Division of Property

A major consideration in divorce is "who gets what?" Property division is complex in a community property state like Texas, and is generally governed by the Texas Family Code and is further bound by appellate court decisions. Generally, a spouse's separate property is always awarded to that spouse. "Separate Property" is defined as that property owned by that person before marriage, acquired during marriage by gift or by inheritance, and includes recoveries for personal injuries. However, separate property may be subject to certain claims of the community property estate. "Community property" is all property, other than separate property, acquired by the spouses during marriage and is divided upon divorce. During a marriage, each spouse owns an equal, undivided interest in all community property; this does not mean 50/50 nor is community property always divided 50/50 upon divorce.

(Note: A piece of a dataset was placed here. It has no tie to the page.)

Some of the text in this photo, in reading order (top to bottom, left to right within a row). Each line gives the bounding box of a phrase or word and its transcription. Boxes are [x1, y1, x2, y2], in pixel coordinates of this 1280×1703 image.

Division of property upon divorce is not automatic, nor is there a simple formula. The Court takes into consideration a myriad of factors such as the respective earning capacities of the spouses, the size of the respective separate property estates, the needs of children and the spouse having custody of the children. Also, if one spouse has committed acts that effectively forced the other party to seek a divorce, fault grounds and a disproportionate division may be urged as a means of penalizing the offending party. Also, claims of fraud, reimbursement rights, and other factors are weighed. Irrespective of these factors, the Court must always divide the property in a manner that is just and right having regard for the parties' and children's rights.

These principles are general in nature. It is your Attorney's job to know when these or other factors may affect your case and to advise you accordingly. Your Attorney will attempt the best possible settlement, but accept your Attorney's realistic advice and approach.

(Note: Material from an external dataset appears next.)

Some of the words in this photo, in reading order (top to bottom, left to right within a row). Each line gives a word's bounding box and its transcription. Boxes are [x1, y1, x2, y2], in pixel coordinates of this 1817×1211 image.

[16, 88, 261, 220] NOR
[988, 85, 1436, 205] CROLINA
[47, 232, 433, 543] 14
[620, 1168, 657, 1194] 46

Alimony, or Spousal Maintenance

Alimony, or spousal maintenance, refers to payments made for support of a spouse after divorce, as distinguished from payments made for the support of children. Texas law has always permitted contractual alimony, i.e. the parties may agree for the payment of alimony, and has been used in equalizing property divisions in higher income divorce situations. Now, “limited” alimony may be ordered by the Court. The Texas legislature stated that court-ordered alimony is intended to “provide spousal maintenance primarily as a temporary rehabilitative measure for a divorced spouse whose ability for self-support is lacking or has deteriorated through the passage of time while the spouse was engaged in homemaking activities and whose capital assets are insufficient to provide support . . . spousal support should be terminated in the shortest reasonable time, not to exceed three years, in which the former spouse is able to be employed or to acquire the necessary skills to become self-supporting.”

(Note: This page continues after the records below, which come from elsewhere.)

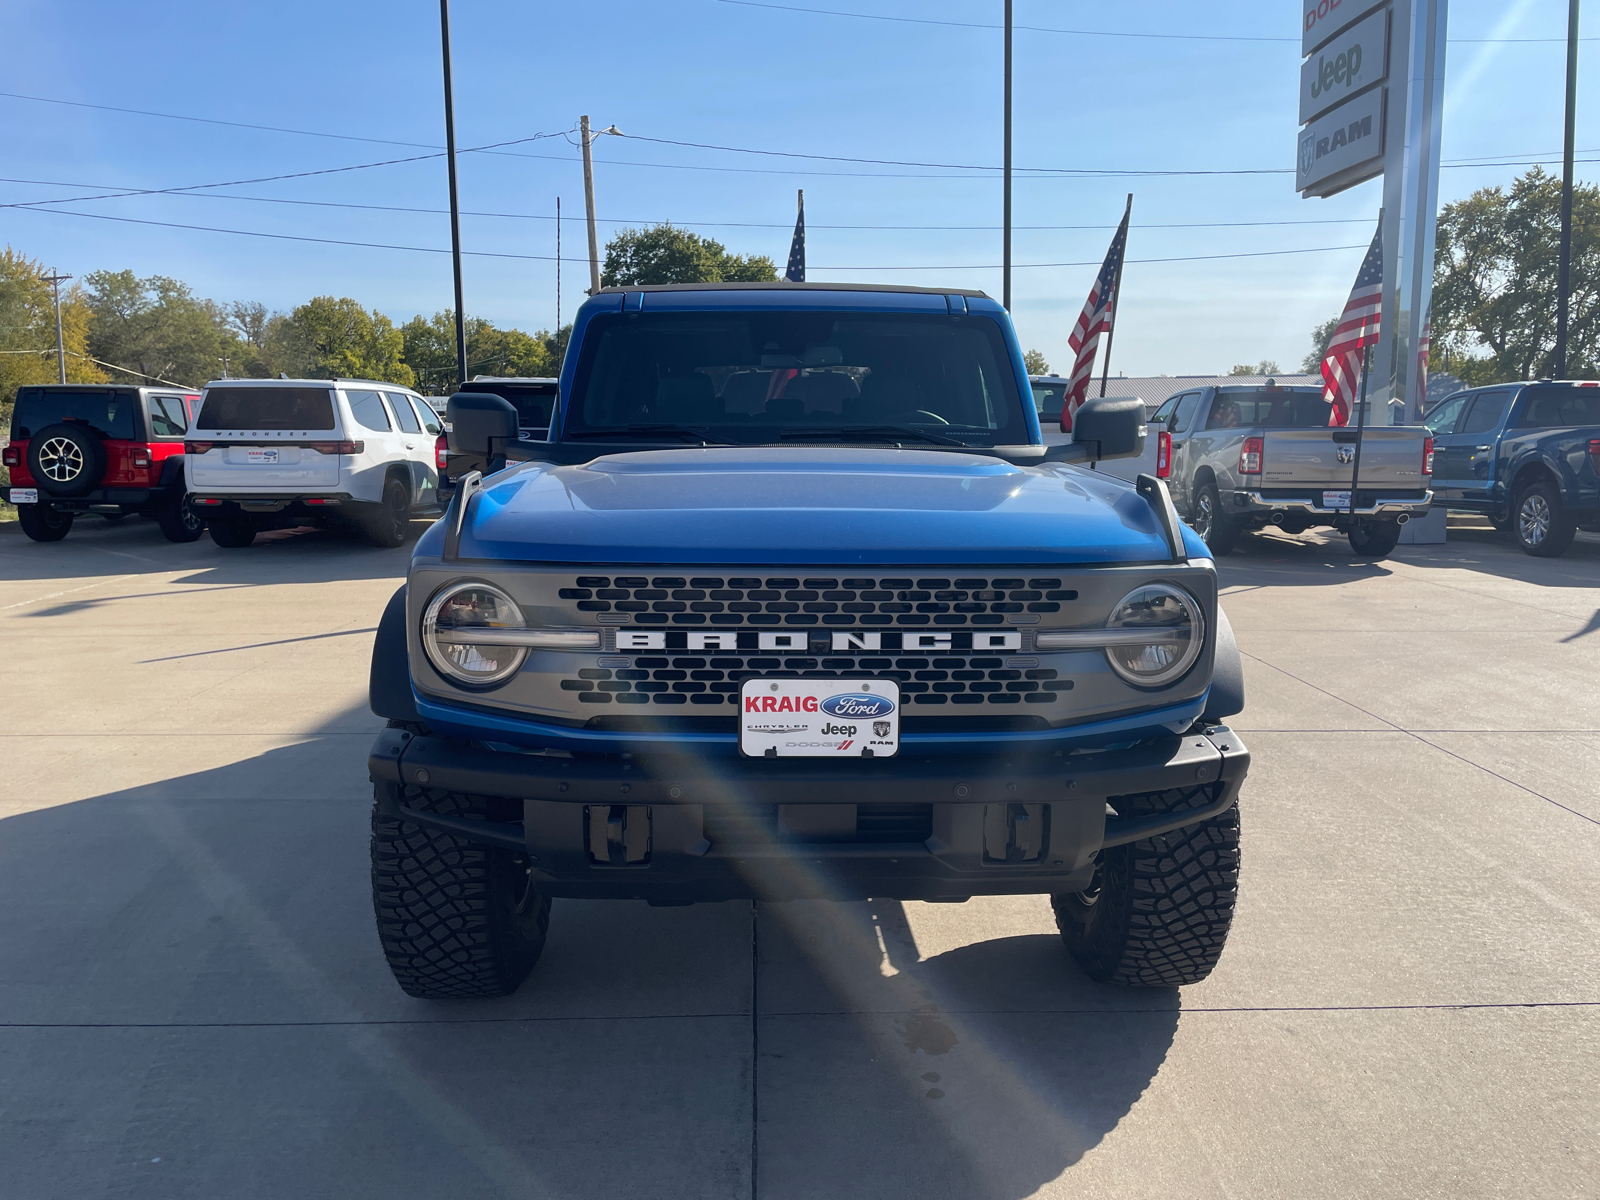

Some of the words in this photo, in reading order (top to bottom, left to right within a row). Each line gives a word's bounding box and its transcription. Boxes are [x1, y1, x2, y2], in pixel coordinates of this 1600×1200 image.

[1311, 43, 1362, 99] Jeep
[1315, 114, 1372, 160] RAM
[615, 630, 1022, 650] BRONCO
[745, 696, 818, 713] KRAIG
[834, 696, 879, 715] Ford
[821, 722, 857, 737] Jeep

Alimony may be ordered only when the marriage has lasted 10 years or longer, the payee spouse lacks sufficient property to provide for minimum reasonable needs, and that spouse (a) is unable to support themself because of an incapacitating disability, (b) is custodian of a child requiring substantial care preventing the spouse from working outside the home, or (c) lacks earning ability adequate to provide support for the spouse’s minimum reasonable needs. Court-ordered alimony cannot exceed the lesser of $2,500/mo. or 20% of payor spouse’s gross income and has a maximum duration of 3 years. Therefore, alimony is not intended as a permanent means of support.

When alimony is paid, the payor spouse is entitled to a federal income tax deduction for amounts paid as alimony and the payee spouse must declare all alimony received as income and pay tax on it.

Children

There are four primary issues pertaining to children: who will have primary custody of the children, what powers does each parent have regarding the children, what form and amount of child support will be paid, and what possession and visitation rights will adhere.

(1) Custody:

"Sole Managing Conservator" is the person having primary custody of the children. The "Possessory Conservator" has specific rights of possession of the children for certain periods of time under specified conditions and usually is required to pay child support. In addition to having primary custody of the children, the sole managing conservator generally has the exclusive legal authority to decide most of the matters which affect a child's life, i.e what school to go to, what doctor to use, how the child's money will be spent or saved, etc. The possessory conservator has rights regarding the child, though not as extensive as the managing conservator.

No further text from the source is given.